(Saved entries)
++++++++++

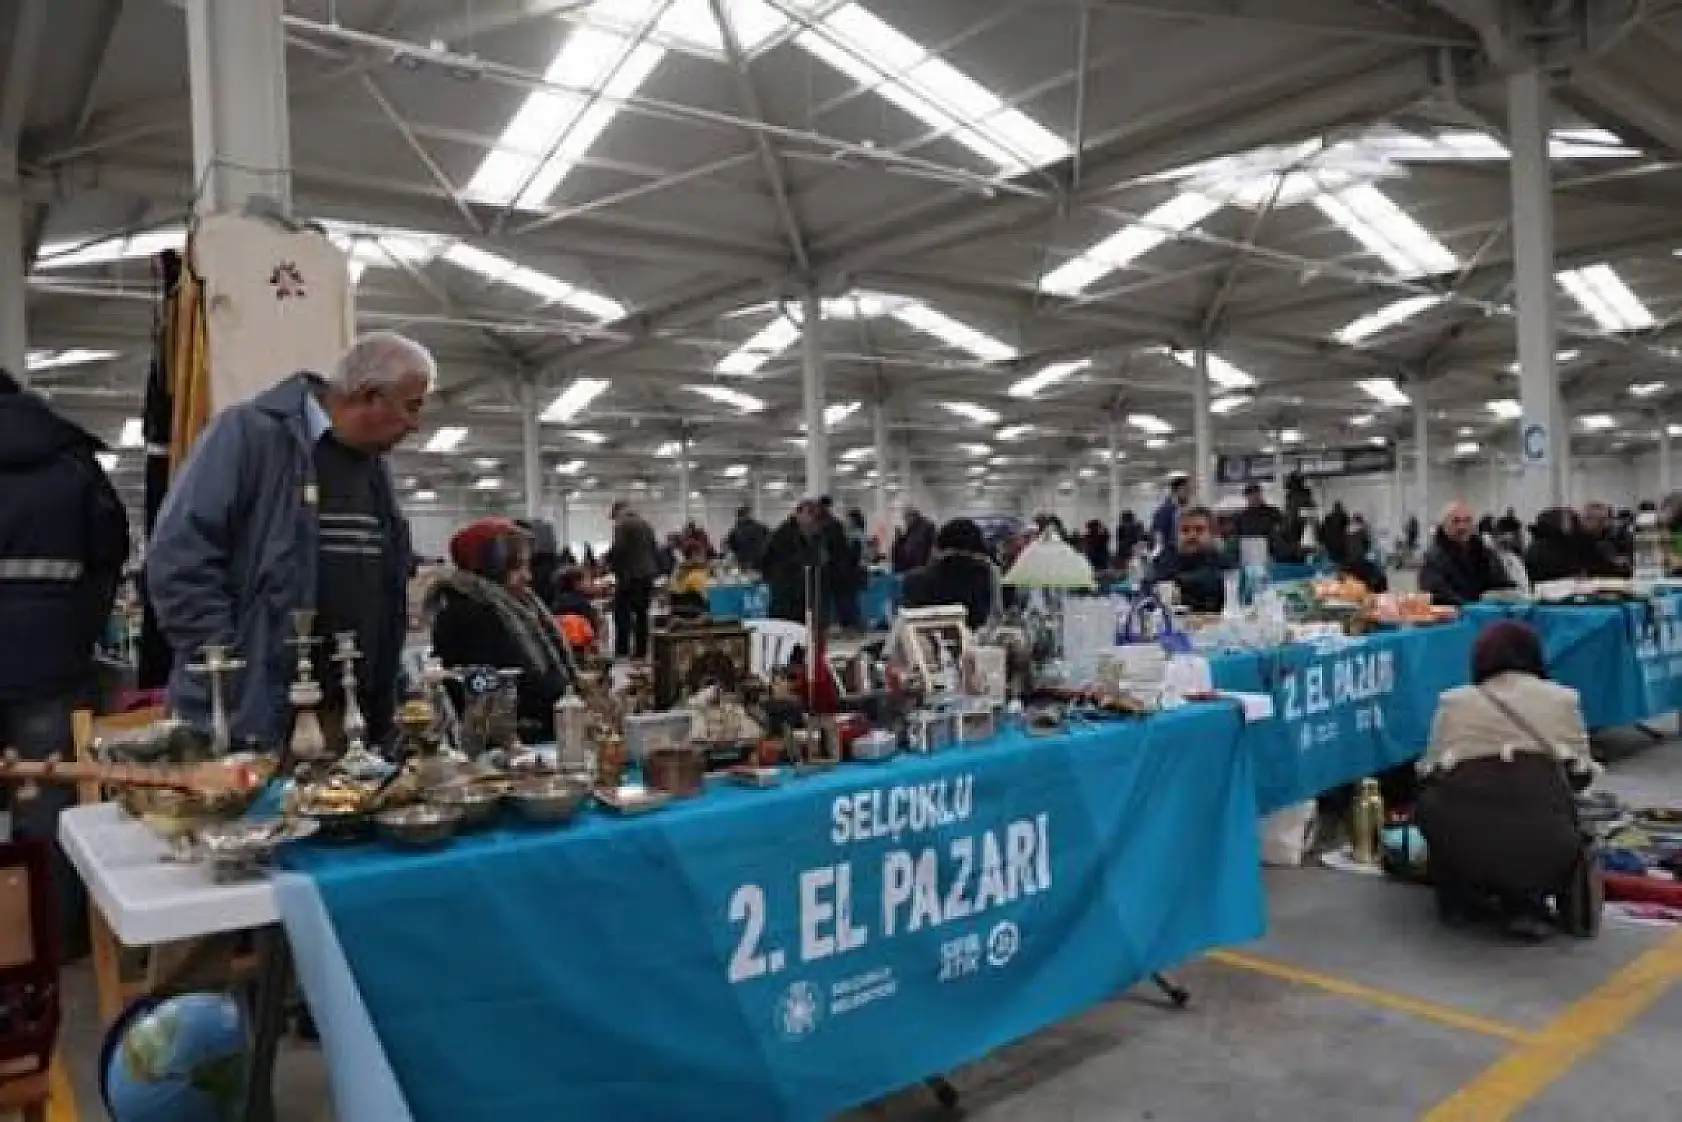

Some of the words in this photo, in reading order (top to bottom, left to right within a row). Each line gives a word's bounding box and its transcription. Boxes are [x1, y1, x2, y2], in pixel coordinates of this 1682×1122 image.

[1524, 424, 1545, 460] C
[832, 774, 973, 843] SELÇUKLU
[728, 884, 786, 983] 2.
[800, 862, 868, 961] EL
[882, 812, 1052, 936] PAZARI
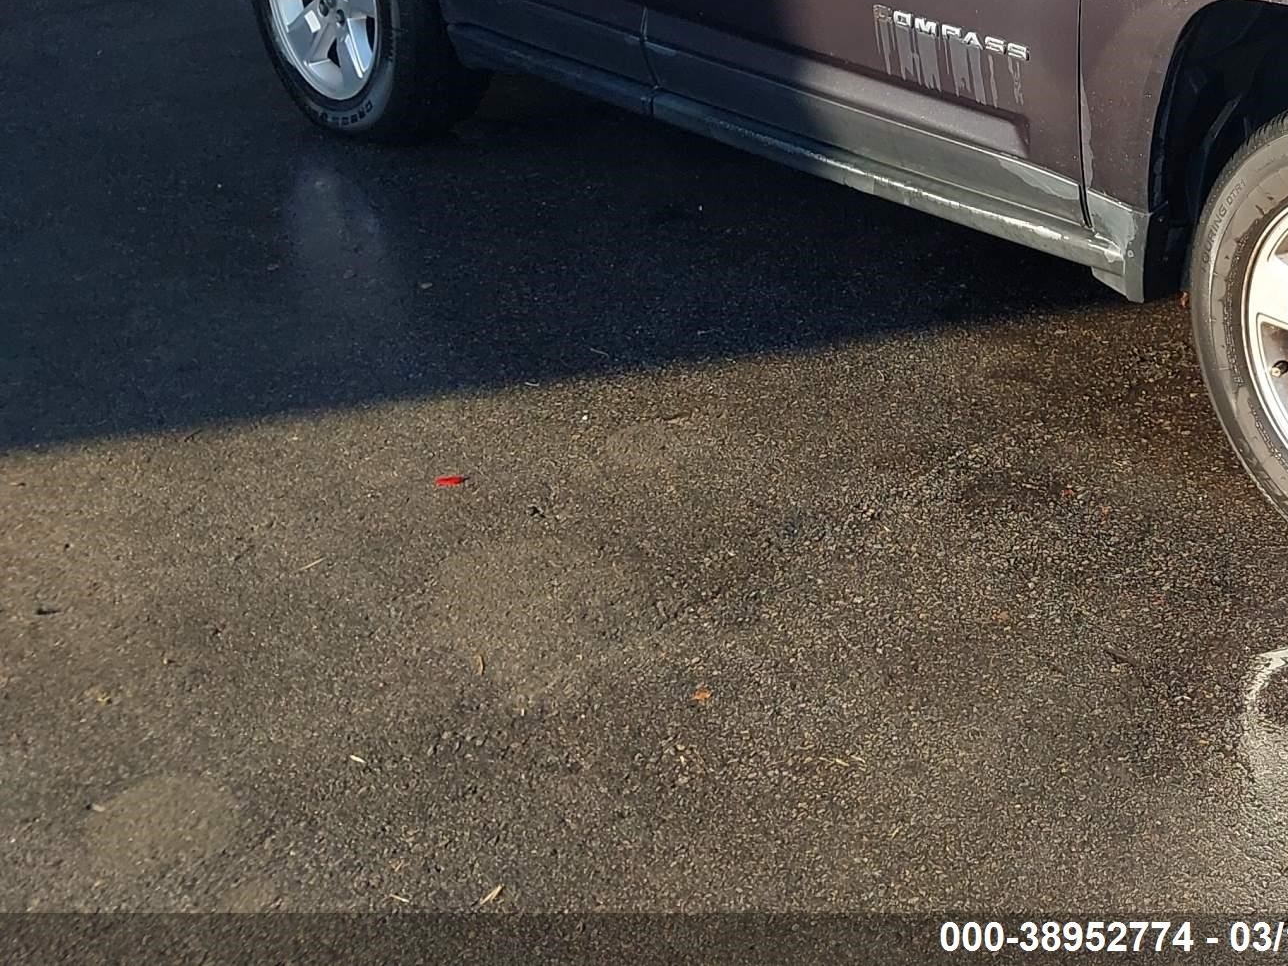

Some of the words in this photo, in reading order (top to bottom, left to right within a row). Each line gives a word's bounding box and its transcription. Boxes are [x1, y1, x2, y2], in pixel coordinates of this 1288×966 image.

++++++++++

**Exercise aim:**
Go through the entries above and print each one exactly, minus the pictures.

**Result of this exercise:**
Some of the words in this photo, in reading order (top to bottom, left to right within a row). Each line gives a word's bounding box and its transcription. Boxes are [x1, y1, x2, y2], in pixel coordinates of this 1682×1122 image.

[1524, 424, 1545, 460] C
[832, 774, 973, 843] SELÇUKLU
[728, 884, 786, 983] 2.
[800, 862, 868, 961] EL
[882, 812, 1052, 936] PAZARI

Some of the words in this photo, in reading order (top to bottom, left to right within a row). Each line gives a word's bounding box and its transcription. Boxes are [x1, y1, x2, y2], in pixel coordinates of this 1288×966 image.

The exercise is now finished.